Home NEWS Private Equity Pátria vai lançar ações da rede Alliar no Novo Mercado

Por Beth Koike | De São Paulo

Fundada há apenas cinco anos pela gestora de private equity Pátria, a rede de medicina diagnóstica Alliar entrou com um pedido de oferta inicial de ações (IPO) na Comissão de Valores Mobiliários (CVM). A abertura de capital não é uma surpresa, uma vez que a Alliar foi criada já com o propósito de ir para a bolsa. Ao que tudo indica, o Pátria vai replicar o modelo de expansão adotado no grupo Dasa, dono de marcas como Delboni Auriemo. O fundo foi acionista da maior companhia de medicina diagnóstica por dez anos, período em que liderou o IPO, fez aquisições e vendeu suas ações. Atualmente, a Dasa pertence ao empresário Edson Bueno, fundador da Amil.

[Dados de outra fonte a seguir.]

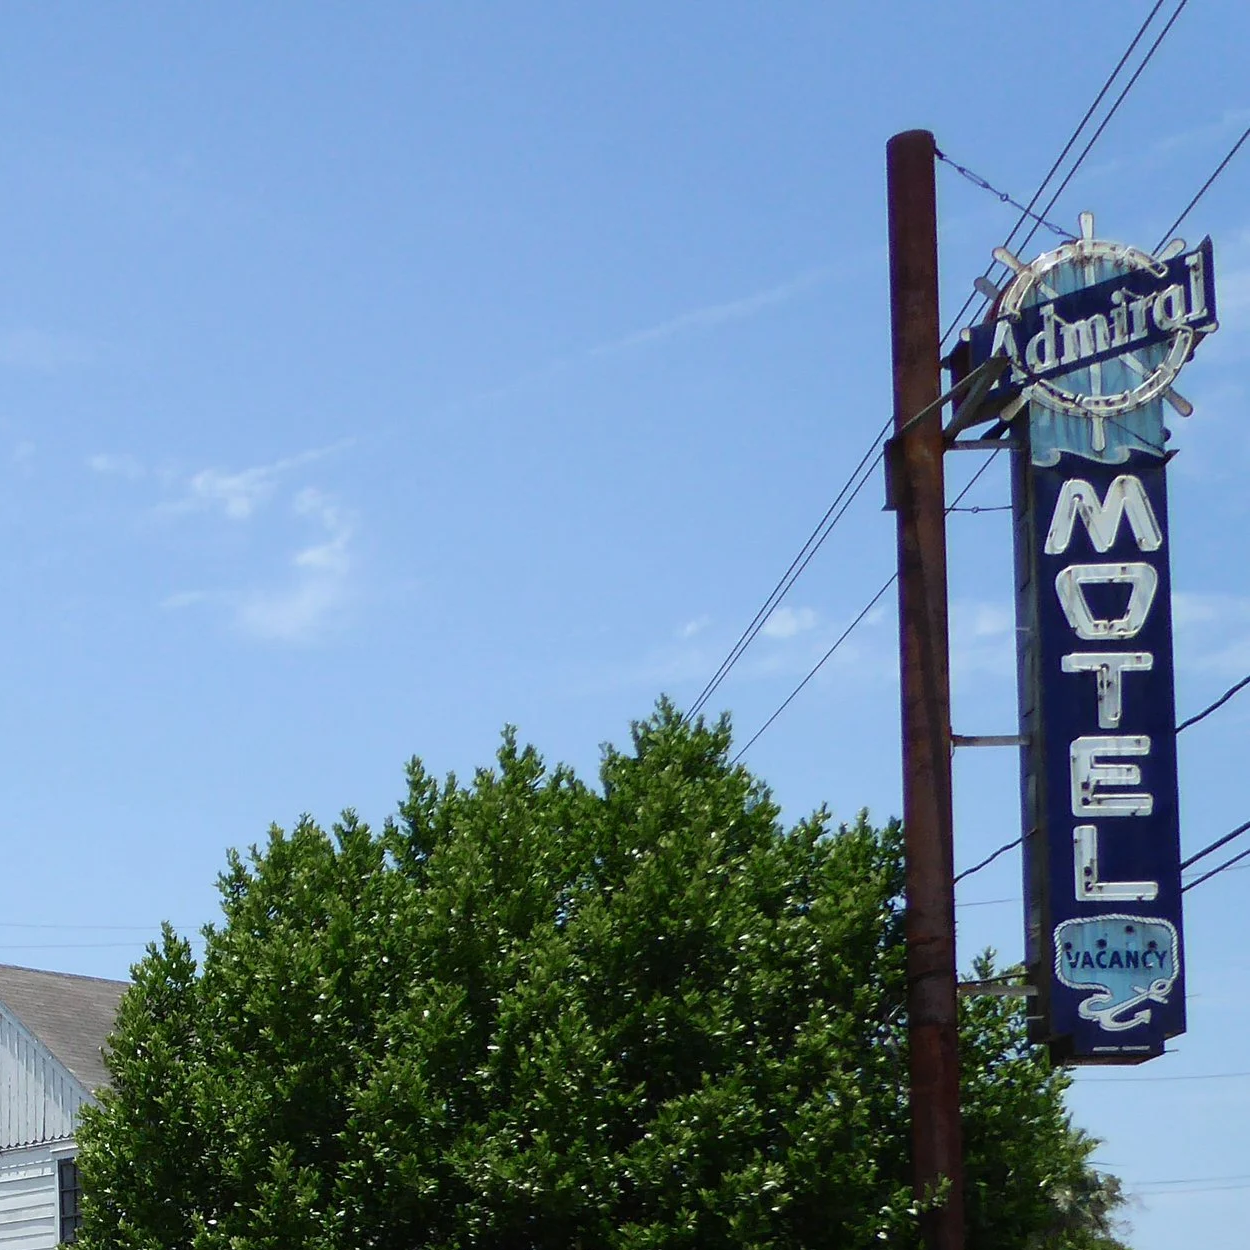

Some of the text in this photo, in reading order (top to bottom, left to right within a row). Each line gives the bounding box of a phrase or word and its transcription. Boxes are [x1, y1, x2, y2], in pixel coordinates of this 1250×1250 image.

[990, 250, 1207, 391] Admiral
[1043, 474, 1163, 902] MOTEL
[1065, 949, 1168, 970] VACANCY
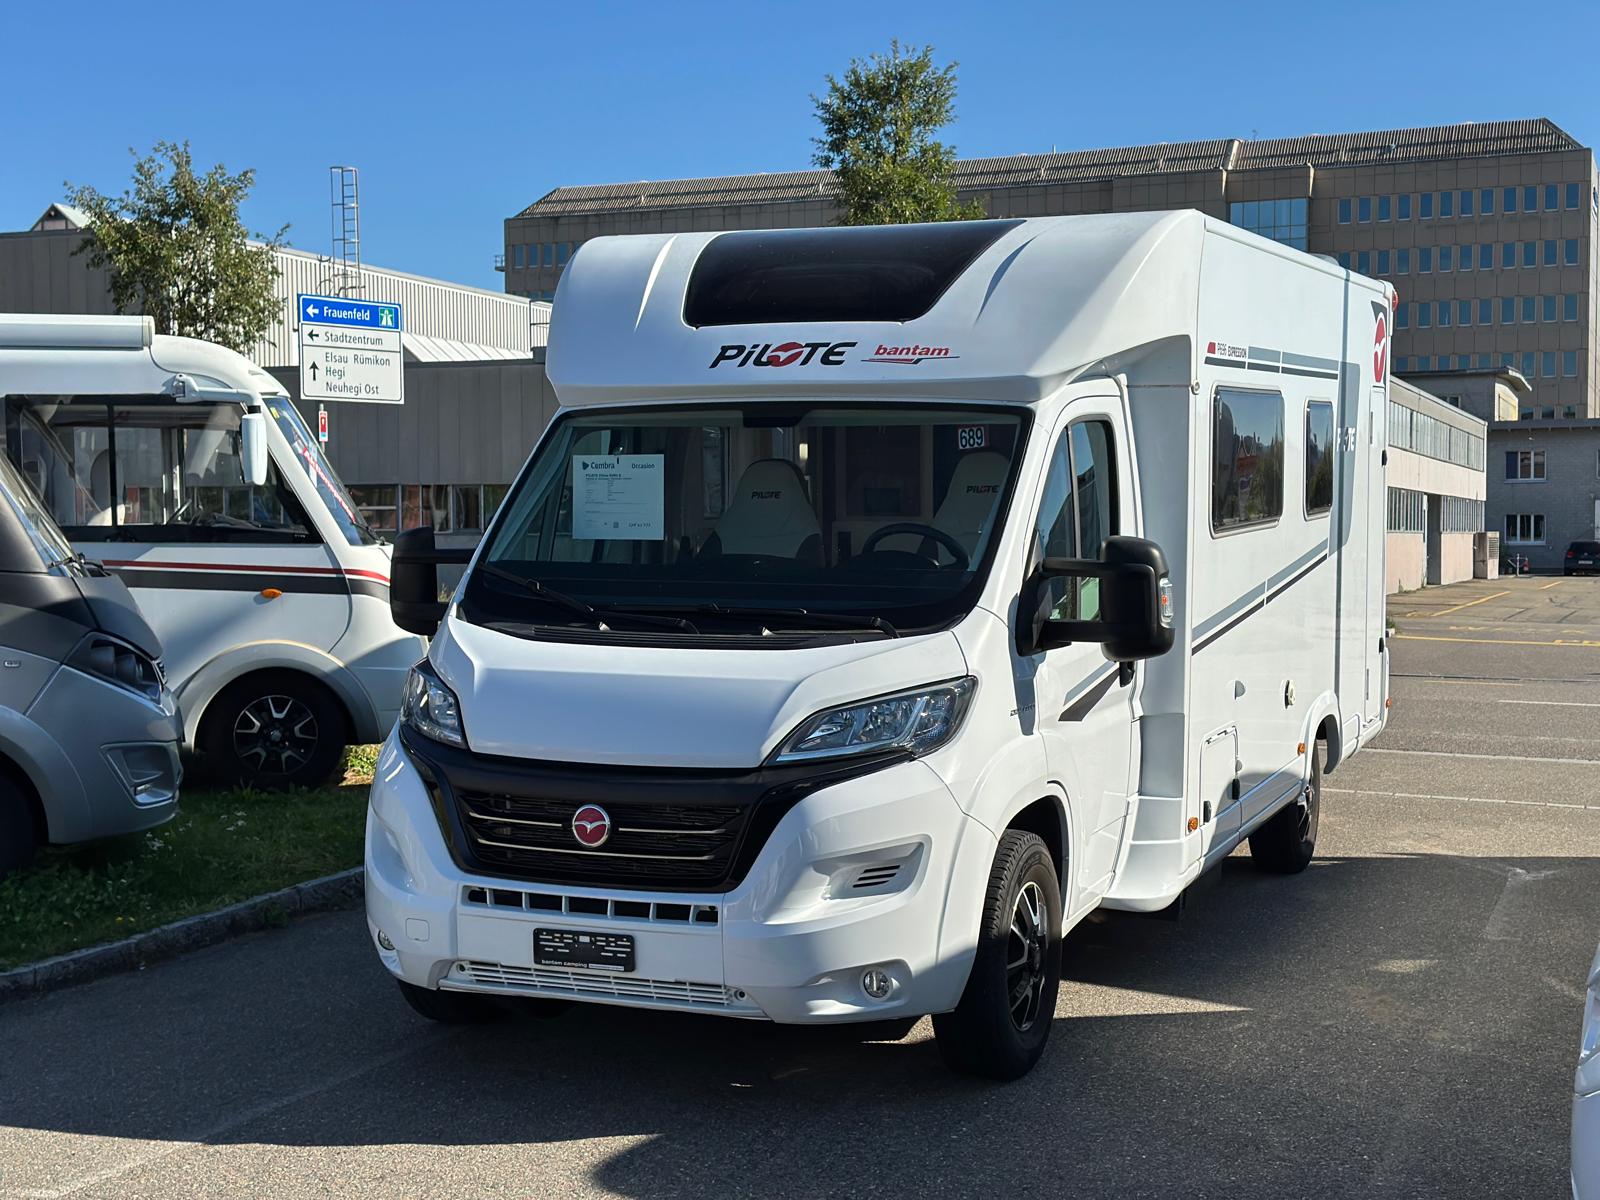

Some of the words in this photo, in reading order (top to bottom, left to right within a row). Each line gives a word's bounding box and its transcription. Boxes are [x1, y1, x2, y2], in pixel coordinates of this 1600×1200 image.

A história da Alliar chama atenção pelo rápido crescimento, impulsionado, principalmente, por cerca de 20 aquisições. O maior negócio foi fechado com o Centro de Diagnósticos do Brasil (CDB) que possibilitou à Alliar entrar na capital paulista há dois anos. A transação, avaliada em R$ 527 milhões, foi paga por meio de troca de ações e os fundadores do CDB, os médicos Sergio Tufik e Roberto Kalil Issa, passaram a deter juntos 40% da Alliar. Os dois médicos é que vão colocar suas ações à venda no IPO com ofertas primárias e secundárias. A fatia a ser negociada na bolsa ainda não está definida, mas será no mínimo de 25% porque o objetivo é listar a empresa no Novo Mercado.

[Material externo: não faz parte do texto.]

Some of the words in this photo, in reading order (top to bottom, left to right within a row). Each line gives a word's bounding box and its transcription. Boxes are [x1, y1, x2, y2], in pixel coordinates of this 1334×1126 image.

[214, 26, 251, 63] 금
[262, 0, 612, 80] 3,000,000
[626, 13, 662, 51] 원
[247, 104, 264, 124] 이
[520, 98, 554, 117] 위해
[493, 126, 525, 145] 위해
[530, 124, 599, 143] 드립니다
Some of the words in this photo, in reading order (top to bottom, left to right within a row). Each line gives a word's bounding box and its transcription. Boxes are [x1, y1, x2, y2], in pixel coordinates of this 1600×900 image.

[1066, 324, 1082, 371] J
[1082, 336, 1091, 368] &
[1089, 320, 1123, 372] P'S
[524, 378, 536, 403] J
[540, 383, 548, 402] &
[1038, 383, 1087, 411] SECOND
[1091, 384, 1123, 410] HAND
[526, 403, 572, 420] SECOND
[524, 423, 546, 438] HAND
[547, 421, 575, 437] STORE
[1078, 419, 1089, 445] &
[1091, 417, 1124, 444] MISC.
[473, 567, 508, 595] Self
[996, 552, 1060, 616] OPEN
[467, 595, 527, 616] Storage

O Pátria, por sua vez, não deve vender sua participação, que hoje é de 25,7%, na oferta pública e pode inclusive colocar dinheiro para não ter sua fatia diluída num aumento de capital. O fundo de private equity quer continuar na companhia por acreditar que o negócio pode gerar mais ganhos, segundo fontes.

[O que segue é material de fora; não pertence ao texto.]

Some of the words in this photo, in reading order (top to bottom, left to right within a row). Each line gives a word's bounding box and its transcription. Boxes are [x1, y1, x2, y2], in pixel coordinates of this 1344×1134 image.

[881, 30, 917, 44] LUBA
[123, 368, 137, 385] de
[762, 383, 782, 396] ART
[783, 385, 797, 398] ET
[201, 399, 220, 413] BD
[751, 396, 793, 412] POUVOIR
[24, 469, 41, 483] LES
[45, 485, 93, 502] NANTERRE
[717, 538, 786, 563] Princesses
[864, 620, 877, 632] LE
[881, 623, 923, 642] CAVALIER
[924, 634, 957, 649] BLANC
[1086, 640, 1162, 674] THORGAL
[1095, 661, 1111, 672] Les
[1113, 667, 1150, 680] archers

Além dos fundos Pátria e Kinea e dos fundadores do CDB, há outros 74 médicos que venderam seus laboratórios e tornaram-se sócios da Alliar. O modelo da rede de medicina diagnóstica contempla a compra de 100% do negócio, sendo que metade é paga em dinheiro e outra parcela em ações da companhia. A cada nova aquisição, a fatia dos acionistas é diluída, mas em troca de uma participação de uma companhia maior.

O dinheiro levantado no IPO será destinado para expansão e amortização do passivo bancário. Segundo informações do prospecto preliminar da Alliar, parte dos recursos levantados na oferta primária será destinada ao pagamento de uma dívida com um dos bancos coordenadores da transação que são o Bank of América Merrill Lynch (BofA), Itaú BBA e o Santander. O nome da instituição financeira que receberá o pagamento não foi revelado.

No primeiro semestre, a Alliar obteve receita líquida de R$ 439 milhões, o que representa um crescimento de 32% em relação ao mesmo período de 2015. Na última linha do balanço, a rede apresentou uma forte melhora ao registrar um lucro líquido de R$ 5,6 milhões ante prejuízo de R$ 46 milhões nos seis primeiros meses de 2015. Essa expansão foi puxada, principalmente, pela aquisição em fevereiro do laboratório Delfin, rede de medicina diagnóstica da Bahia que recebeu aporte do fundo Kinea em 2012.

A Alliar tem mais de 100 unidades em 10 Estados do país que oferecem, principalmente, exames de imagem. Não à toa, a rede tem mais de 100 equipamentos de ressonâncias magnéticas - número maior que o Fleury. Há dois anos, com a compra do CDB, a Alliar passou a trabalhar também com exames de análises clínicas.